Stored data entries
-*-*-

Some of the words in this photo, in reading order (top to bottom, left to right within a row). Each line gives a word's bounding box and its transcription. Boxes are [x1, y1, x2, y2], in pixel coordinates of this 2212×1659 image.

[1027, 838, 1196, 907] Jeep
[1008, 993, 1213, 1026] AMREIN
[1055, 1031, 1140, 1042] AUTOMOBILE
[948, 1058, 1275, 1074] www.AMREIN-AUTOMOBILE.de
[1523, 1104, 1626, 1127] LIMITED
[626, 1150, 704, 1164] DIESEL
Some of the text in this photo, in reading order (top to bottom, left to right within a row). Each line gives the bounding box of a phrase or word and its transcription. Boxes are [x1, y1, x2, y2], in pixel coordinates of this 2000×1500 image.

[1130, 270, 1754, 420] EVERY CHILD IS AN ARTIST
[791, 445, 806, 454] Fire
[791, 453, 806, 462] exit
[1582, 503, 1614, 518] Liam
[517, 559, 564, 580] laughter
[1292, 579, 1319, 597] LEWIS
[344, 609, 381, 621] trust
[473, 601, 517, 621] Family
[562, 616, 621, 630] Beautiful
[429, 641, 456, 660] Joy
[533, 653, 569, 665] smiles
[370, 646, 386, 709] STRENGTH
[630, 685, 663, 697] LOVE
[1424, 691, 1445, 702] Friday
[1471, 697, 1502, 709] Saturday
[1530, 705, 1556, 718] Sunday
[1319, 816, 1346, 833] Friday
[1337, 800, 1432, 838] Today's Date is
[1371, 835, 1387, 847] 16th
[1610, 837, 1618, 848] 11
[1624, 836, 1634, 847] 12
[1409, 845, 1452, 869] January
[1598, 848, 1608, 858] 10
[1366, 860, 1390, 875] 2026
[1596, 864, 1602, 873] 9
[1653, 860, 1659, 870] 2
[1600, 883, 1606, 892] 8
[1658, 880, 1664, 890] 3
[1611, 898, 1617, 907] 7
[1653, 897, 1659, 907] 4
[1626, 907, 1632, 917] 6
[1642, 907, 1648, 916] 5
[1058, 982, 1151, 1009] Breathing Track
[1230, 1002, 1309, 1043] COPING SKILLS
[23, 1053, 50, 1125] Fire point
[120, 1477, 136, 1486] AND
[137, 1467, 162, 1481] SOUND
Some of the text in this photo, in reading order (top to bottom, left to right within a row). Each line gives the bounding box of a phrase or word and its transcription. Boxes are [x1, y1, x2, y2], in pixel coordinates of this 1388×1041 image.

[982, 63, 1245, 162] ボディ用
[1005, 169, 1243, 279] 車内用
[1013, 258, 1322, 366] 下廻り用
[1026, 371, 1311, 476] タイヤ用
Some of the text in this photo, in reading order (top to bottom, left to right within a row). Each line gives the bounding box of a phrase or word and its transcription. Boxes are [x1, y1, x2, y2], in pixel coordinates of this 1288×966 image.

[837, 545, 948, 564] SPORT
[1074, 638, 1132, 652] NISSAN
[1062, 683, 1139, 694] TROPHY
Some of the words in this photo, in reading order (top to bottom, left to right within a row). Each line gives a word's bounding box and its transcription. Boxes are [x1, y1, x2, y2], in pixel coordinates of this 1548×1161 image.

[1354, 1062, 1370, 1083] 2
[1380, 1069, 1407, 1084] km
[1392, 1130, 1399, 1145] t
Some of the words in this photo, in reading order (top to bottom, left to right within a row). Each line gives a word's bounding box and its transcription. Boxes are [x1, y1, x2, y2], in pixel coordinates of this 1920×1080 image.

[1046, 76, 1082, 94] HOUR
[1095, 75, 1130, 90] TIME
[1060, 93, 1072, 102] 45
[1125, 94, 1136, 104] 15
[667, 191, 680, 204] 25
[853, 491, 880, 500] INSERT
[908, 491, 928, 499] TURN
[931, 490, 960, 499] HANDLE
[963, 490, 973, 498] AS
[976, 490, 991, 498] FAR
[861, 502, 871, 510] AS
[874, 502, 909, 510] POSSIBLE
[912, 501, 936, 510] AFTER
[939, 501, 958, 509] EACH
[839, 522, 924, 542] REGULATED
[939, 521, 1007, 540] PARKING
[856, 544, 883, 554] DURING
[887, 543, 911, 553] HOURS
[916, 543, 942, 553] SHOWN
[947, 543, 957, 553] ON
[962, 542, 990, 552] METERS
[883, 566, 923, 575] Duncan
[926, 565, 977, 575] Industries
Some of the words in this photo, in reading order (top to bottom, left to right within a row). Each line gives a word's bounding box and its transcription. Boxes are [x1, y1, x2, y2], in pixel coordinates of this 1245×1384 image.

-*-*-

▸ Task directions
Once you have read the data, reproduce all of it exactly.

▸ Solution
Some of the words in this photo, in reading order (top to bottom, left to right within a row). Each line gives a word's bounding box and its transcription. Boxes are [x1, y1, x2, y2], in pixel coordinates of this 2212×1659 image.

[1027, 838, 1196, 907] Jeep
[1008, 993, 1213, 1026] AMREIN
[1055, 1031, 1140, 1042] AUTOMOBILE
[948, 1058, 1275, 1074] www.AMREIN-AUTOMOBILE.de
[1523, 1104, 1626, 1127] LIMITED
[626, 1150, 704, 1164] DIESEL
Some of the text in this photo, in reading order (top to bottom, left to right within a row). Each line gives the bounding box of a phrase or word and its transcription. Boxes are [x1, y1, x2, y2], in pixel coordinates of this 2000×1500 image.

[1130, 270, 1754, 420] EVERY CHILD IS AN ARTIST
[791, 445, 806, 454] Fire
[791, 453, 806, 462] exit
[1582, 503, 1614, 518] Liam
[517, 559, 564, 580] laughter
[1292, 579, 1319, 597] LEWIS
[344, 609, 381, 621] trust
[473, 601, 517, 621] Family
[562, 616, 621, 630] Beautiful
[429, 641, 456, 660] Joy
[533, 653, 569, 665] smiles
[370, 646, 386, 709] STRENGTH
[630, 685, 663, 697] LOVE
[1424, 691, 1445, 702] Friday
[1471, 697, 1502, 709] Saturday
[1530, 705, 1556, 718] Sunday
[1319, 816, 1346, 833] Friday
[1337, 800, 1432, 838] Today's Date is
[1371, 835, 1387, 847] 16th
[1610, 837, 1618, 848] 11
[1624, 836, 1634, 847] 12
[1409, 845, 1452, 869] January
[1598, 848, 1608, 858] 10
[1366, 860, 1390, 875] 2026
[1596, 864, 1602, 873] 9
[1653, 860, 1659, 870] 2
[1600, 883, 1606, 892] 8
[1658, 880, 1664, 890] 3
[1611, 898, 1617, 907] 7
[1653, 897, 1659, 907] 4
[1626, 907, 1632, 917] 6
[1642, 907, 1648, 916] 5
[1058, 982, 1151, 1009] Breathing Track
[1230, 1002, 1309, 1043] COPING SKILLS
[23, 1053, 50, 1125] Fire point
[120, 1477, 136, 1486] AND
[137, 1467, 162, 1481] SOUND
Some of the text in this photo, in reading order (top to bottom, left to right within a row). Each line gives the bounding box of a phrase or word and its transcription. Boxes are [x1, y1, x2, y2], in pixel coordinates of this 1388×1041 image.

[982, 63, 1245, 162] ボディ用
[1005, 169, 1243, 279] 車内用
[1013, 258, 1322, 366] 下廻り用
[1026, 371, 1311, 476] タイヤ用
Some of the text in this photo, in reading order (top to bottom, left to right within a row). Each line gives the bounding box of a phrase or word and its transcription. Boxes are [x1, y1, x2, y2], in pixel coordinates of this 1288×966 image.

[837, 545, 948, 564] SPORT
[1074, 638, 1132, 652] NISSAN
[1062, 683, 1139, 694] TROPHY
Some of the words in this photo, in reading order (top to bottom, left to right within a row). Each line gives a word's bounding box and its transcription. Boxes are [x1, y1, x2, y2], in pixel coordinates of this 1548×1161 image.

[1354, 1062, 1370, 1083] 2
[1380, 1069, 1407, 1084] km
[1392, 1130, 1399, 1145] t
Some of the words in this photo, in reading order (top to bottom, left to right within a row). Each line gives a word's bounding box and its transcription. Boxes are [x1, y1, x2, y2], in pixel coordinates of this 1920×1080 image.

[1046, 76, 1082, 94] HOUR
[1095, 75, 1130, 90] TIME
[1060, 93, 1072, 102] 45
[1125, 94, 1136, 104] 15
[667, 191, 680, 204] 25
[853, 491, 880, 500] INSERT
[908, 491, 928, 499] TURN
[931, 490, 960, 499] HANDLE
[963, 490, 973, 498] AS
[976, 490, 991, 498] FAR
[861, 502, 871, 510] AS
[874, 502, 909, 510] POSSIBLE
[912, 501, 936, 510] AFTER
[939, 501, 958, 509] EACH
[839, 522, 924, 542] REGULATED
[939, 521, 1007, 540] PARKING
[856, 544, 883, 554] DURING
[887, 543, 911, 553] HOURS
[916, 543, 942, 553] SHOWN
[947, 543, 957, 553] ON
[962, 542, 990, 552] METERS
[883, 566, 923, 575] Duncan
[926, 565, 977, 575] Industries
Some of the words in this photo, in reading order (top to bottom, left to right within a row). Each line gives a word's bounding box and its transcription. Boxes are [x1, y1, x2, y2], in pixel coordinates of this 1245×1384 image.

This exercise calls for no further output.